Unentschlossen folge ich eine Weile der Küste, dann wieder zurück zu den blau-waschenen Lettern, die in der Nische einer in die weiße Wegmauer eingelassenen Treppe zur Hotelbar weisen. Die Schiebetür offen, auf der Theke rumliegende Saftpackungen lassen vermuten, dass die Saison erst in ein paar Tagen beginnt. Ich trete aus der Bar und schaue ratlos Richtung Parkanlage – ob ich durch sie weiter vorne wieder auf den Weg runterkomme? Der Pfad macht am Ende des Parks eine Schlaufe, kein Ausgang, also zurück.

Eine Frau kommt mir entgegen, sie blätterte, als ich in die Bar trat, auf einem Mäuerchen neben dem Hotel sitzend in einem kleinen Heft. Sie winkt mich zu sich, ich muss einen Umweg über die Weglein zu ihr nehmen, als ich bei ihr anlange, fragt sie, ob ich wüsste, welche Gottheit die Statue dort drüben verkörpere. Ich erinnere mich, da war eine weiße Figur im Lorbeergebüsch etwas weiter vorne. Schauen wir sie uns an, meine ich und als wir vor der weißgetünchten Statue auf gelbem Sockel stehen, sage ich mehr ratend: Fortuna. Dieses Füllhorn auf der linken Schulter, das seien doch die guten Dinge, die der vom Glück – von Fortuna – Gesegnete jeweils ausgeschüttet bekommt, die kleinen Früchte würden das aus dem Horn herausquillende Glück darstellen.
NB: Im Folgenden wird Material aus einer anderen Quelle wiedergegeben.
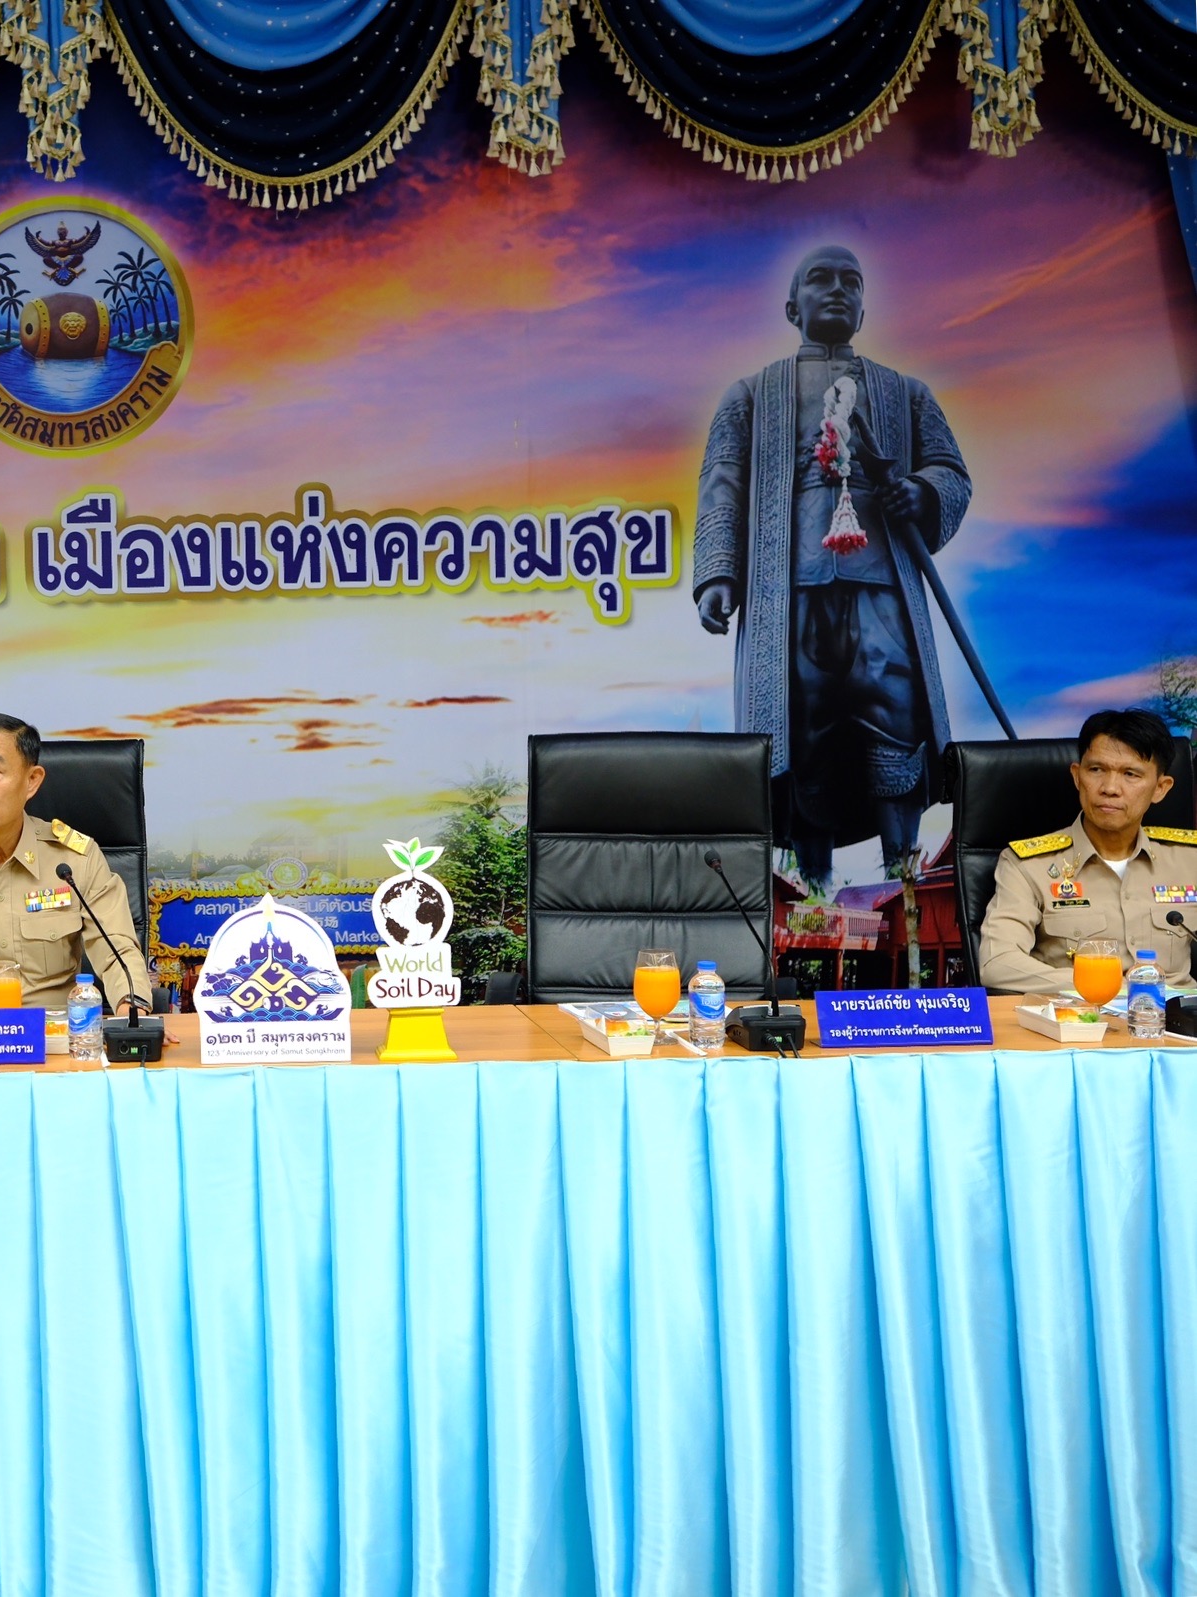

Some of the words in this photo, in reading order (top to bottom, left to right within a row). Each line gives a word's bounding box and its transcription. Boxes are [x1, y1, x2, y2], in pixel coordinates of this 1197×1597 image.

Sie sagt: Oh. Weil sie habe ein spezielles Problem. Sie finde immer nur alles in Fragmenten vor, zerstückelt. Eben wäre sie im Garten einer Villa gewesen, den Statuen dort fehlten allerlei Körperteile, einer Diana die Hand, welche den Jagdhund halten sollte, dem Hund selber der Kopf, immer treffe sie Dinge an, die nicht komplett seien, unerwartete Leerräume zwischen Teilen von ihnen, nichts mehr da, was sie verbinden, sie ganz machen würde. Ich bemerke, dass auch Fortuna vor uns nicht komplett ist, ein Teil ihres Füllhorns fehlt. Dort, wo das Gute irgendwie in das Horn reinkommt, klafft eine Lücke zwischen Hand und Horn.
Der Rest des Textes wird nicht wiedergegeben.